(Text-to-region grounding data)
>>>
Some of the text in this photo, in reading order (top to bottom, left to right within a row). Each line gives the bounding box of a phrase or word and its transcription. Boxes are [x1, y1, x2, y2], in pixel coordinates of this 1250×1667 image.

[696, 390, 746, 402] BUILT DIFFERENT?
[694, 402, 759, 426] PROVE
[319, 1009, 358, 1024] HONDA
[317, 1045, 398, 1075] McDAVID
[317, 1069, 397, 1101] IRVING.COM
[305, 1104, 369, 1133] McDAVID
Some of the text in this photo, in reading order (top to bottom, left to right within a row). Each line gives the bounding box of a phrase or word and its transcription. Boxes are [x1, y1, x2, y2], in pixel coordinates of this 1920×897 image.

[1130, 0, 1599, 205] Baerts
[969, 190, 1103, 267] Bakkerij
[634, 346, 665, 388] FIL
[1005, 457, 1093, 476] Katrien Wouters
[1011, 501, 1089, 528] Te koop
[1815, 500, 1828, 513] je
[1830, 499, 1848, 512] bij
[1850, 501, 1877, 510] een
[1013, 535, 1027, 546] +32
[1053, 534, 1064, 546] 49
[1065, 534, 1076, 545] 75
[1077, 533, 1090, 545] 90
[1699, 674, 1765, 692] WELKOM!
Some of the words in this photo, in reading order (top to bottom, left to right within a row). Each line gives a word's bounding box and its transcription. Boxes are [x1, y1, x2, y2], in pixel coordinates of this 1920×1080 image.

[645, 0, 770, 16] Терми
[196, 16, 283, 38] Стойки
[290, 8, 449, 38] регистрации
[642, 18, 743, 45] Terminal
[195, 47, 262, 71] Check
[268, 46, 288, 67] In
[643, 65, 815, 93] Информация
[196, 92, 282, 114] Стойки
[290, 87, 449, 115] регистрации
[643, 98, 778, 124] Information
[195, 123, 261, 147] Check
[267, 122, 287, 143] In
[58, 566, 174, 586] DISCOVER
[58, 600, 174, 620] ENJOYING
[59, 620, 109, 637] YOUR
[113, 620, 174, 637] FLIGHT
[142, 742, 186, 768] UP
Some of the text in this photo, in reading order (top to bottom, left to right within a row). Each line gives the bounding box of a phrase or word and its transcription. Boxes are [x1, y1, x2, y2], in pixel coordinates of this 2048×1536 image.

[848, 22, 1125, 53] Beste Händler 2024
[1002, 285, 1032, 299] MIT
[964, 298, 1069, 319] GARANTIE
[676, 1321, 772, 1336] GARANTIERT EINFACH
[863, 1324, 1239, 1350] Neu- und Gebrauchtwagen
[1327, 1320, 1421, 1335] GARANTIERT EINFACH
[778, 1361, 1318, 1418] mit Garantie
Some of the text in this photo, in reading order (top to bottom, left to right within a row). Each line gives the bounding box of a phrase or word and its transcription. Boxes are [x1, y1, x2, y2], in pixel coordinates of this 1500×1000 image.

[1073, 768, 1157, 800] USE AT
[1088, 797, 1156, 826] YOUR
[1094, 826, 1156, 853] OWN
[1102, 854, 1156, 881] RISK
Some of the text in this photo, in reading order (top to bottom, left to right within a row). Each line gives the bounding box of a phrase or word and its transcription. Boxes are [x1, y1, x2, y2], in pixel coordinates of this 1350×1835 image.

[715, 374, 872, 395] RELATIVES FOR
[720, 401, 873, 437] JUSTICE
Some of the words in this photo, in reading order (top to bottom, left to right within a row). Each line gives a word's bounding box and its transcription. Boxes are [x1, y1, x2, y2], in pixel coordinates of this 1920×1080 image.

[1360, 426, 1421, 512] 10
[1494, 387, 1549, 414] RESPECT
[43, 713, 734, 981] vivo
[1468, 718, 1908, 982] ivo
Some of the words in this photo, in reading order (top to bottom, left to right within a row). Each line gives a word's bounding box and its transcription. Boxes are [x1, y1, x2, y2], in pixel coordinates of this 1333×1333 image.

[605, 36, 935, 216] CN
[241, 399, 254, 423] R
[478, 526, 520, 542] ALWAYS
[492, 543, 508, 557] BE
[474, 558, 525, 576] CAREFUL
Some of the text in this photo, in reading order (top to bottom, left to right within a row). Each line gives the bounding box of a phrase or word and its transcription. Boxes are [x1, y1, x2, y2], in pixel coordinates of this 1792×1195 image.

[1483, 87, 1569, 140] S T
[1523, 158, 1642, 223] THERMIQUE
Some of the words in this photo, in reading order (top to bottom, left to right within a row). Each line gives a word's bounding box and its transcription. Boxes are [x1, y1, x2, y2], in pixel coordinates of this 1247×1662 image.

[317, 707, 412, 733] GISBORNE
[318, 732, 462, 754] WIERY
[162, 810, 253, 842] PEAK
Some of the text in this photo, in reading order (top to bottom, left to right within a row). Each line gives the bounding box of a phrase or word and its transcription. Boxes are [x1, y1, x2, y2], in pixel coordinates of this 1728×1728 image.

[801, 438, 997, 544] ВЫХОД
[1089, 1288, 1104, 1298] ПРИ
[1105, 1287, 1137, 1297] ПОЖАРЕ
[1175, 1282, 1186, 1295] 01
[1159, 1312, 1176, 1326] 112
<<<
#### [Activity]
Restate the data above word for word, please.

#### [Expected output]
Some of the text in this photo, in reading order (top to bottom, left to right within a row). Each line gives the bounding box of a phrase or word and its transcription. Boxes are [x1, y1, x2, y2], in pixel coordinates of this 1250×1667 image.

[696, 390, 746, 402] BUILT DIFFERENT?
[694, 402, 759, 426] PROVE
[319, 1009, 358, 1024] HONDA
[317, 1045, 398, 1075] McDAVID
[317, 1069, 397, 1101] IRVING.COM
[305, 1104, 369, 1133] McDAVID
Some of the text in this photo, in reading order (top to bottom, left to right within a row). Each line gives the bounding box of a phrase or word and its transcription. Boxes are [x1, y1, x2, y2], in pixel coordinates of this 1920×897 image.

[1130, 0, 1599, 205] Baerts
[969, 190, 1103, 267] Bakkerij
[634, 346, 665, 388] FIL
[1005, 457, 1093, 476] Katrien Wouters
[1011, 501, 1089, 528] Te koop
[1815, 500, 1828, 513] je
[1830, 499, 1848, 512] bij
[1850, 501, 1877, 510] een
[1013, 535, 1027, 546] +32
[1053, 534, 1064, 546] 49
[1065, 534, 1076, 545] 75
[1077, 533, 1090, 545] 90
[1699, 674, 1765, 692] WELKOM!
Some of the words in this photo, in reading order (top to bottom, left to right within a row). Each line gives a word's bounding box and its transcription. Boxes are [x1, y1, x2, y2], in pixel coordinates of this 1920×1080 image.

[645, 0, 770, 16] Терми
[196, 16, 283, 38] Стойки
[290, 8, 449, 38] регистрации
[642, 18, 743, 45] Terminal
[195, 47, 262, 71] Check
[268, 46, 288, 67] In
[643, 65, 815, 93] Информация
[196, 92, 282, 114] Стойки
[290, 87, 449, 115] регистрации
[643, 98, 778, 124] Information
[195, 123, 261, 147] Check
[267, 122, 287, 143] In
[58, 566, 174, 586] DISCOVER
[58, 600, 174, 620] ENJOYING
[59, 620, 109, 637] YOUR
[113, 620, 174, 637] FLIGHT
[142, 742, 186, 768] UP
Some of the text in this photo, in reading order (top to bottom, left to right within a row). Each line gives the bounding box of a phrase or word and its transcription. Boxes are [x1, y1, x2, y2], in pixel coordinates of this 2048×1536 image.

[848, 22, 1125, 53] Beste Händler 2024
[1002, 285, 1032, 299] MIT
[964, 298, 1069, 319] GARANTIE
[676, 1321, 772, 1336] GARANTIERT EINFACH
[863, 1324, 1239, 1350] Neu- und Gebrauchtwagen
[1327, 1320, 1421, 1335] GARANTIERT EINFACH
[778, 1361, 1318, 1418] mit Garantie
Some of the text in this photo, in reading order (top to bottom, left to right within a row). Each line gives the bounding box of a phrase or word and its transcription. Boxes are [x1, y1, x2, y2], in pixel coordinates of this 1500×1000 image.

[1073, 768, 1157, 800] USE AT
[1088, 797, 1156, 826] YOUR
[1094, 826, 1156, 853] OWN
[1102, 854, 1156, 881] RISK
Some of the text in this photo, in reading order (top to bottom, left to right within a row). Each line gives the bounding box of a phrase or word and its transcription. Boxes are [x1, y1, x2, y2], in pixel coordinates of this 1350×1835 image.

[715, 374, 872, 395] RELATIVES FOR
[720, 401, 873, 437] JUSTICE
Some of the words in this photo, in reading order (top to bottom, left to right within a row). Each line gives a word's bounding box and its transcription. Boxes are [x1, y1, x2, y2], in pixel coordinates of this 1920×1080 image.

[1360, 426, 1421, 512] 10
[1494, 387, 1549, 414] RESPECT
[43, 713, 734, 981] vivo
[1468, 718, 1908, 982] ivo
Some of the words in this photo, in reading order (top to bottom, left to right within a row). Each line gives a word's bounding box and its transcription. Boxes are [x1, y1, x2, y2], in pixel coordinates of this 1333×1333 image.

[605, 36, 935, 216] CN
[241, 399, 254, 423] R
[478, 526, 520, 542] ALWAYS
[492, 543, 508, 557] BE
[474, 558, 525, 576] CAREFUL
Some of the text in this photo, in reading order (top to bottom, left to right within a row). Each line gives the bounding box of a phrase or word and its transcription. Boxes are [x1, y1, x2, y2], in pixel coordinates of this 1792×1195 image.

[1483, 87, 1569, 140] S T
[1523, 158, 1642, 223] THERMIQUE
Some of the words in this photo, in reading order (top to bottom, left to right within a row). Each line gives a word's bounding box and its transcription. Boxes are [x1, y1, x2, y2], in pixel coordinates of this 1247×1662 image.

[317, 707, 412, 733] GISBORNE
[318, 732, 462, 754] WIERY
[162, 810, 253, 842] PEAK
Some of the text in this photo, in reading order (top to bottom, left to right within a row). Each line gives the bounding box of a phrase or word and its transcription. Boxes are [x1, y1, x2, y2], in pixel coordinates of this 1728×1728 image.

[801, 438, 997, 544] ВЫХОД
[1089, 1288, 1104, 1298] ПРИ
[1105, 1287, 1137, 1297] ПОЖАРЕ
[1175, 1282, 1186, 1295] 01
[1159, 1312, 1176, 1326] 112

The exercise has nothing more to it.